For this exercise, write out exactly the lines from the line containing "Some of the words" through the last line of the records, and no other lines.

PROVIDED DATA:
▬▬▬▬▬▬
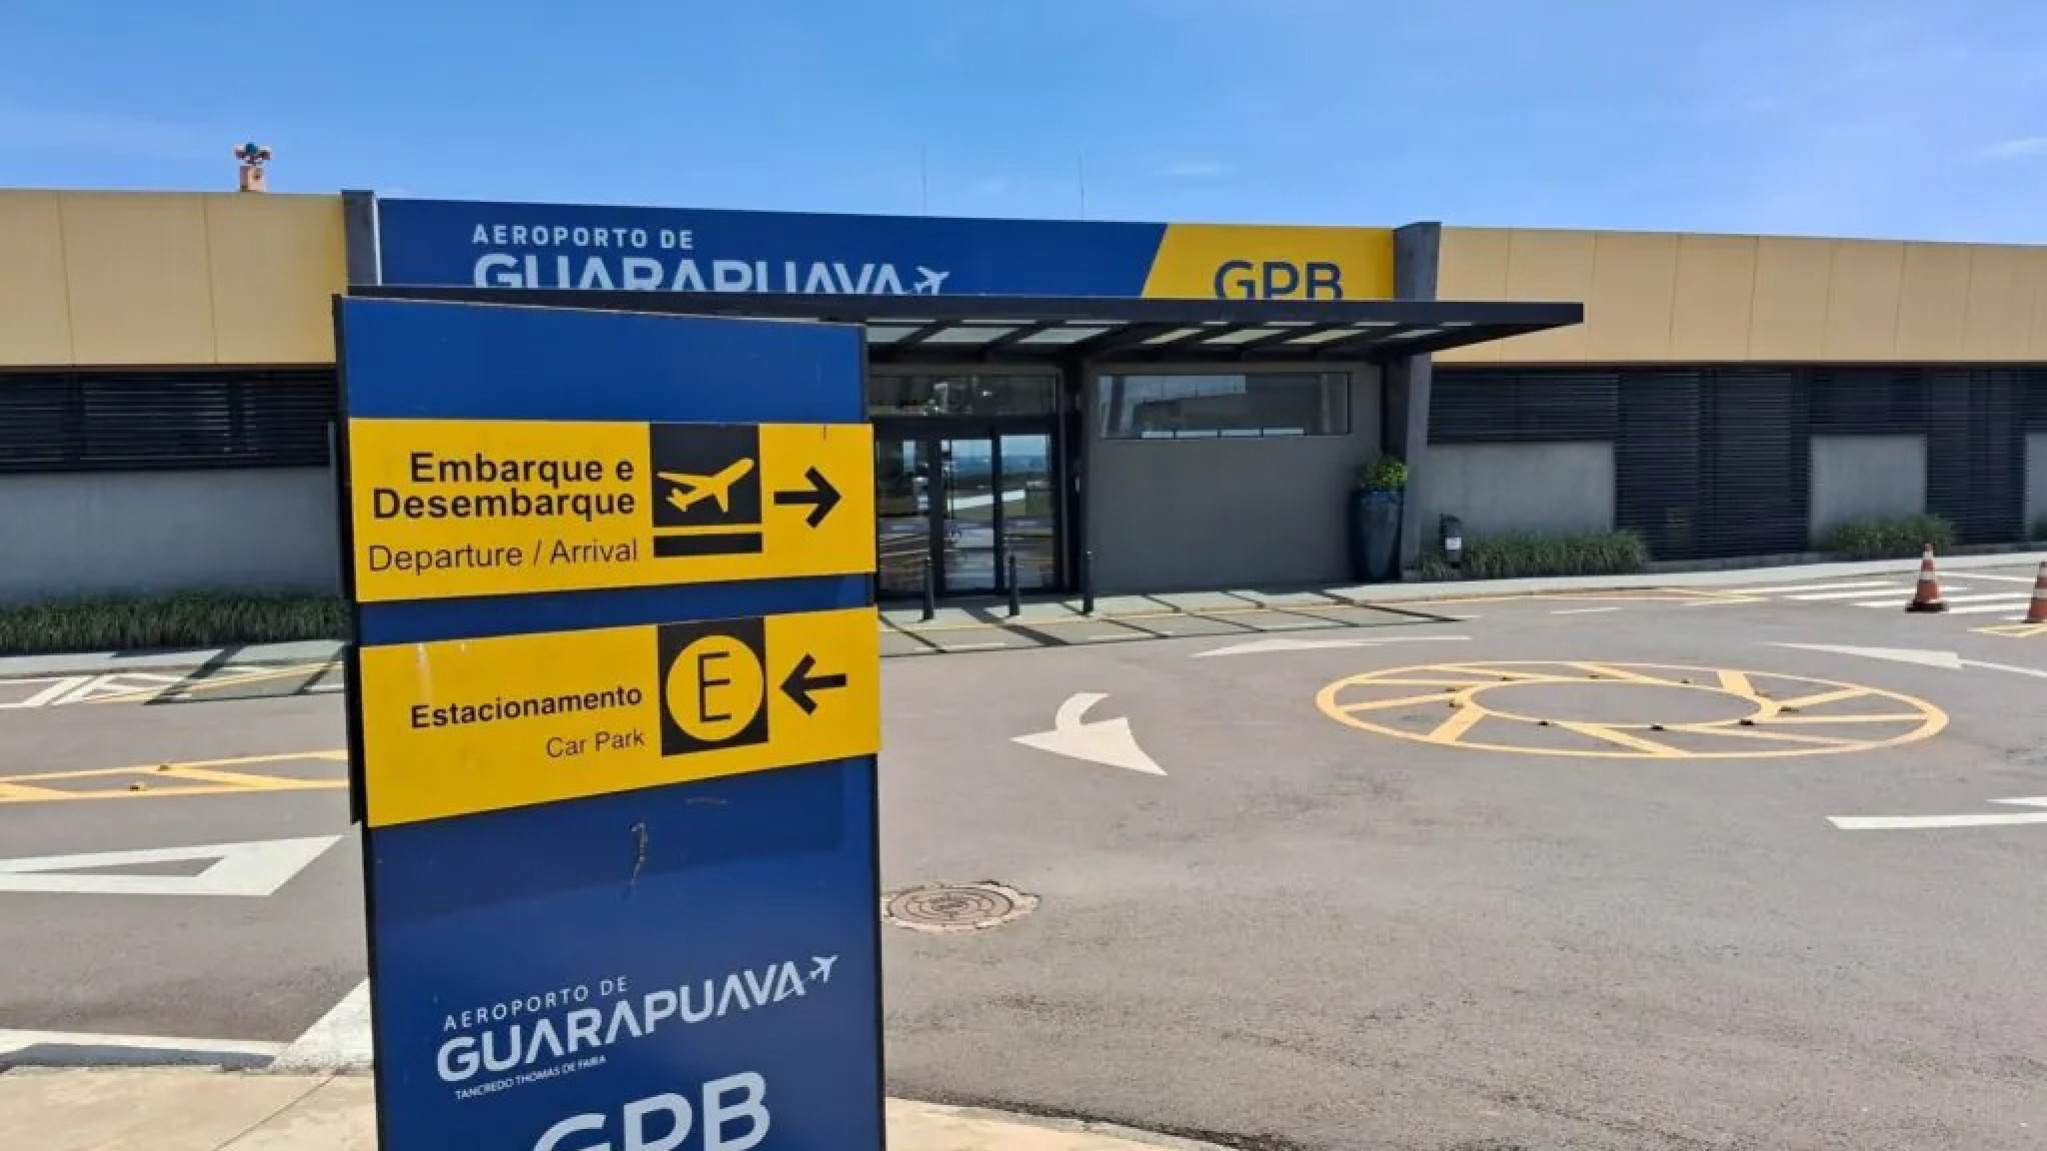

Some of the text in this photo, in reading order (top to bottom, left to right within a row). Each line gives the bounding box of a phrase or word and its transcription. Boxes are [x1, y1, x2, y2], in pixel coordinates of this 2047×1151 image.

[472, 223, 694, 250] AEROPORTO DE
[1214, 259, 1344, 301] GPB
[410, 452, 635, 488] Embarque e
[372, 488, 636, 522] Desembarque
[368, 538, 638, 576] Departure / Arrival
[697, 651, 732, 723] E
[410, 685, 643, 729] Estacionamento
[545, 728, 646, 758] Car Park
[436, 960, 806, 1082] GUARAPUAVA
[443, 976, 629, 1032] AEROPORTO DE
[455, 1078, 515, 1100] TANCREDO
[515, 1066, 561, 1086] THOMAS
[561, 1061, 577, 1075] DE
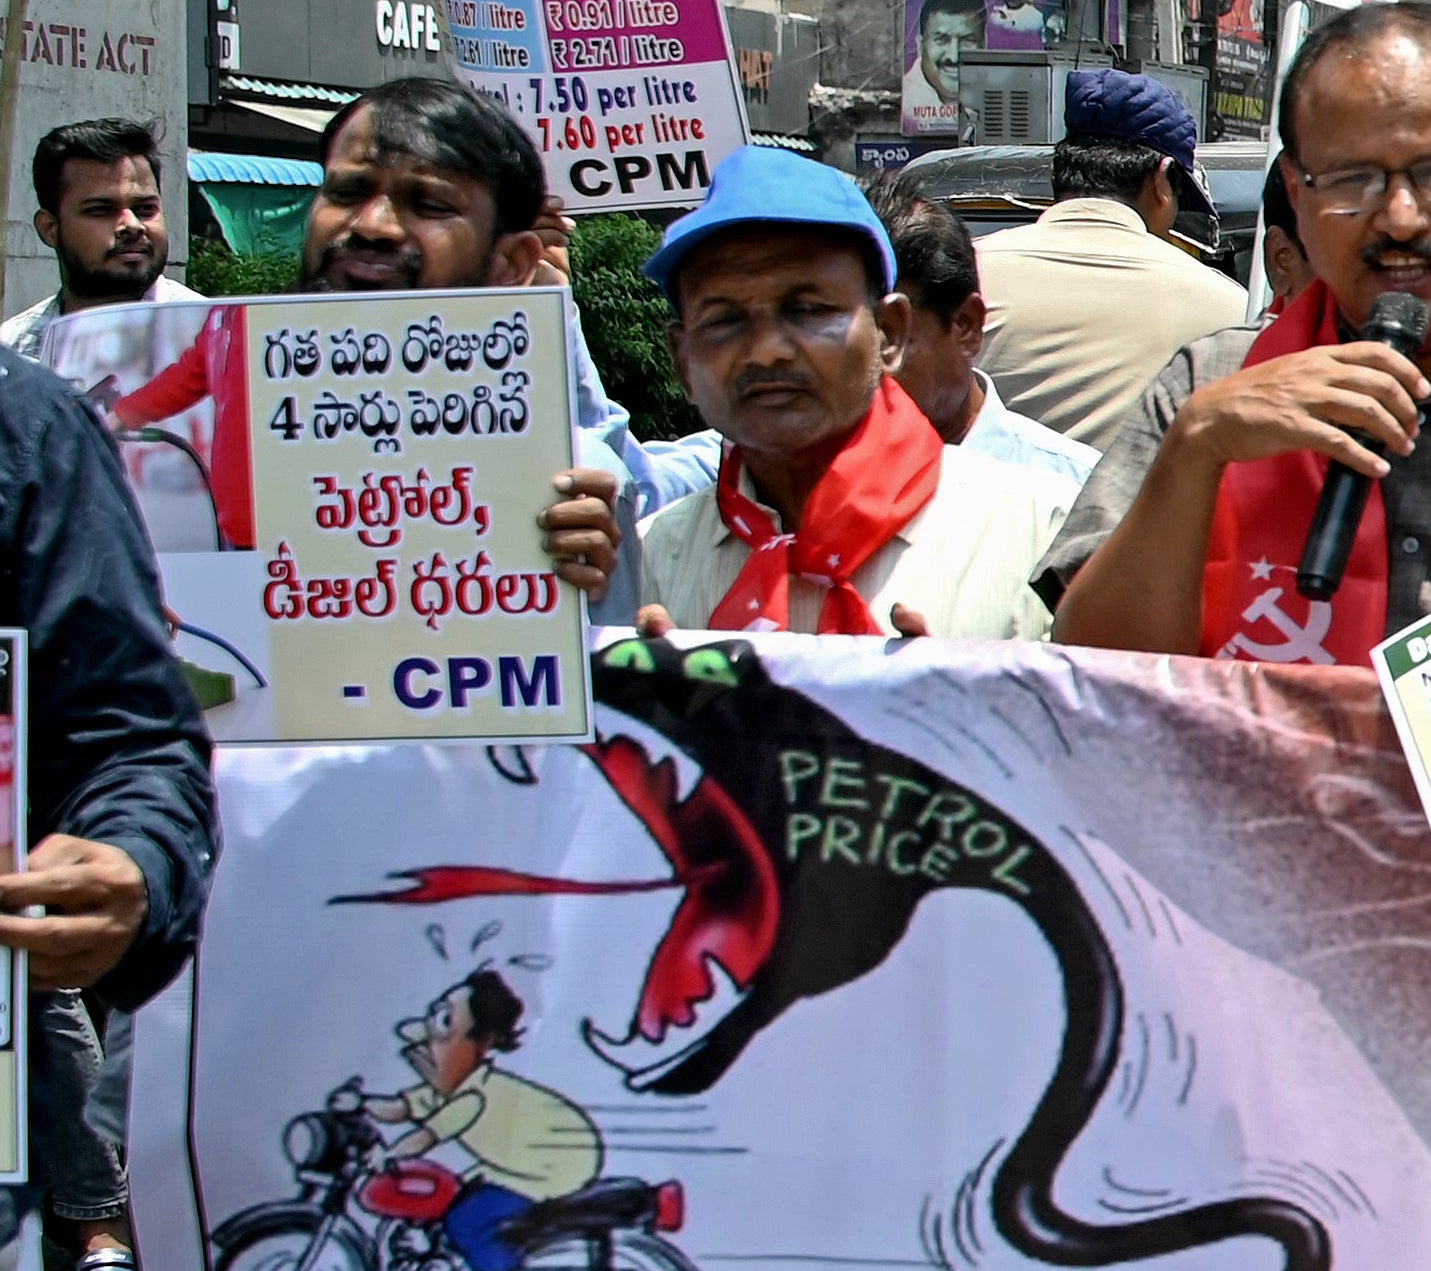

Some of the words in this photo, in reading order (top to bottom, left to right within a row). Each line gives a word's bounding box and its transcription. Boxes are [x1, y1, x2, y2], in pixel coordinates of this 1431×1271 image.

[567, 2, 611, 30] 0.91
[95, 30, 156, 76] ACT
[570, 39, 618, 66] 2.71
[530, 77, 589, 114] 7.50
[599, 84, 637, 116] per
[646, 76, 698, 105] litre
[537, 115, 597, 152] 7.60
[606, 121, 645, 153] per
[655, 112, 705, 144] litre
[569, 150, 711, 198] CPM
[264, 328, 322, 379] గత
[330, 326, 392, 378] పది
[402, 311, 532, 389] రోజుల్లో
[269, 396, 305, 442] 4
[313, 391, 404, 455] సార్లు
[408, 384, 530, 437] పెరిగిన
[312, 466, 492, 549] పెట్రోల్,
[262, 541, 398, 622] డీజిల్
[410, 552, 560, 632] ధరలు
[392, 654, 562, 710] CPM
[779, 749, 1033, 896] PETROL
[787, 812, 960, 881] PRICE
▬▬▬▬▬▬
OUTPUT BELOW:
Some of the words in this photo, in reading order (top to bottom, left to right within a row). Each line gives a word's bounding box and its transcription. Boxes are [x1, y1, x2, y2], in pixel coordinates of this 1431×1271 image.

[567, 2, 611, 30] 0.91
[95, 30, 156, 76] ACT
[570, 39, 618, 66] 2.71
[530, 77, 589, 114] 7.50
[599, 84, 637, 116] per
[646, 76, 698, 105] litre
[537, 115, 597, 152] 7.60
[606, 121, 645, 153] per
[655, 112, 705, 144] litre
[569, 150, 711, 198] CPM
[264, 328, 322, 379] గత
[330, 326, 392, 378] పది
[402, 311, 532, 389] రోజుల్లో
[269, 396, 305, 442] 4
[313, 391, 404, 455] సార్లు
[408, 384, 530, 437] పెరిగిన
[312, 466, 492, 549] పెట్రోల్,
[262, 541, 398, 622] డీజిల్
[410, 552, 560, 632] ధరలు
[392, 654, 562, 710] CPM
[779, 749, 1033, 896] PETROL
[787, 812, 960, 881] PRICE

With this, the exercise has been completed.